◆ EXERCISE REQUIREMENTS ◆
Each record that follows should be duplicated exactly, except for its pictures.

◆ PROVIDED MATERIAL ◆
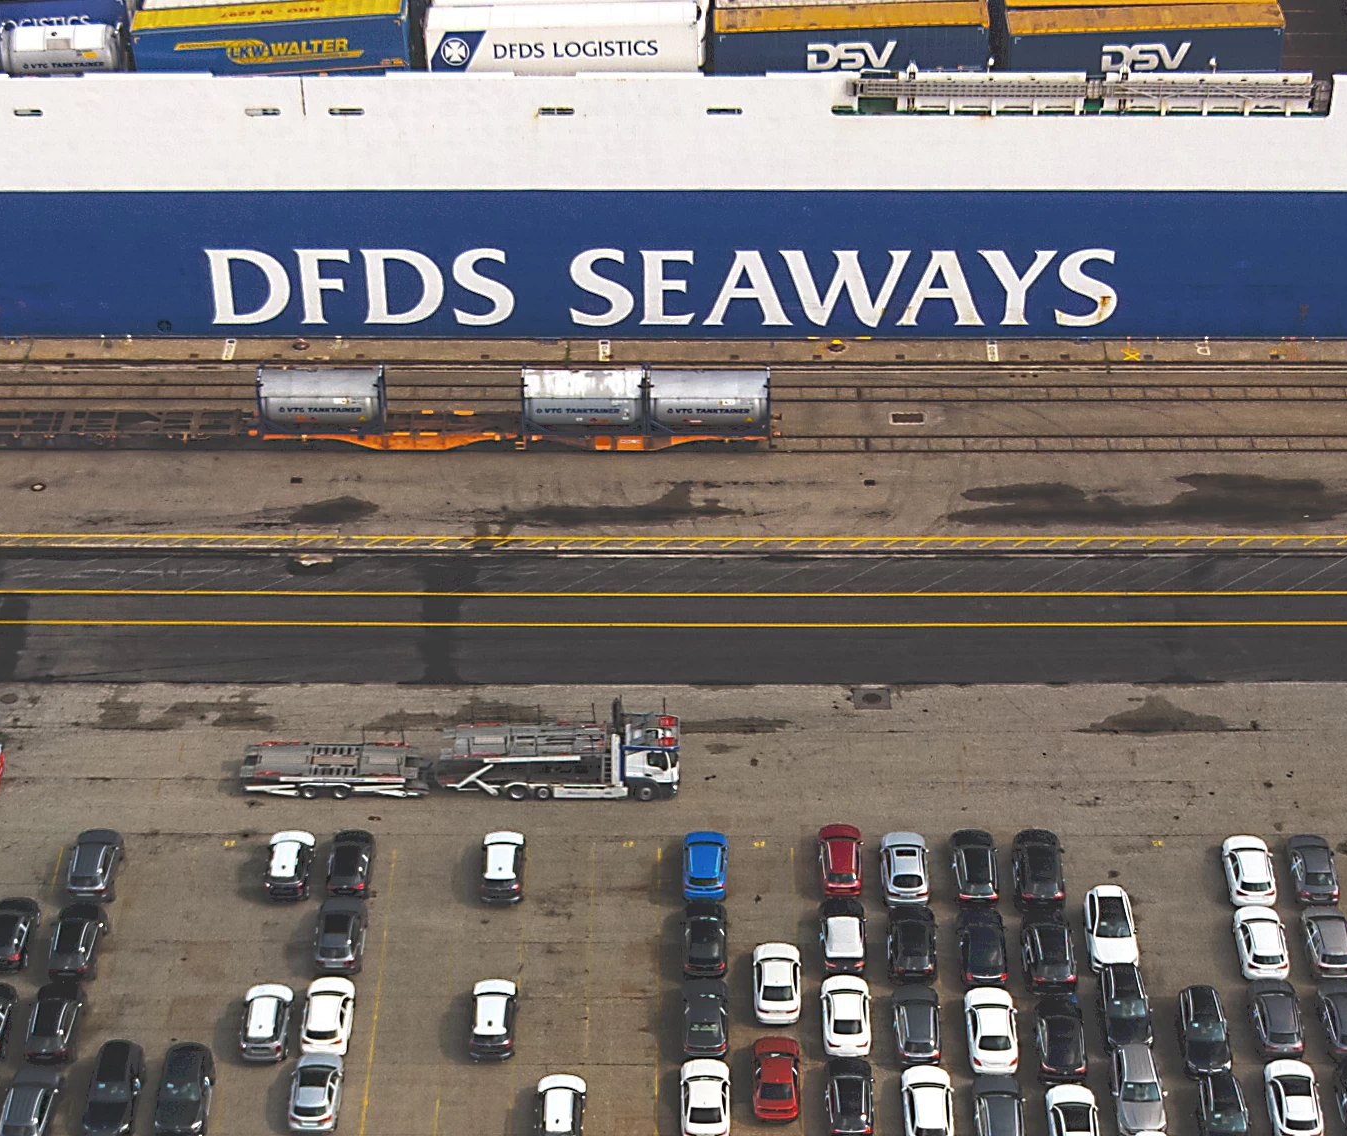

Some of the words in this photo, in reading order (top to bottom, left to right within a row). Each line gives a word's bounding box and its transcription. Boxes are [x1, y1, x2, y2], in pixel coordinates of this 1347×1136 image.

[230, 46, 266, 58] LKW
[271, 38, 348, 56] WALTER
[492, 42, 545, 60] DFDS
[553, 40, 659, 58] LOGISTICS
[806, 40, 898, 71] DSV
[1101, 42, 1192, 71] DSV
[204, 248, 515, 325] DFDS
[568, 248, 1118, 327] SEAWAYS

◆ RESULT OF THIS TASK ◆
Some of the words in this photo, in reading order (top to bottom, left to right within a row). Each line gives a word's bounding box and its transcription. Boxes are [x1, y1, x2, y2], in pixel coordinates of this 1347×1136 image.

[230, 46, 266, 58] LKW
[271, 38, 348, 56] WALTER
[492, 42, 545, 60] DFDS
[553, 40, 659, 58] LOGISTICS
[806, 40, 898, 71] DSV
[1101, 42, 1192, 71] DSV
[204, 248, 515, 325] DFDS
[568, 248, 1118, 327] SEAWAYS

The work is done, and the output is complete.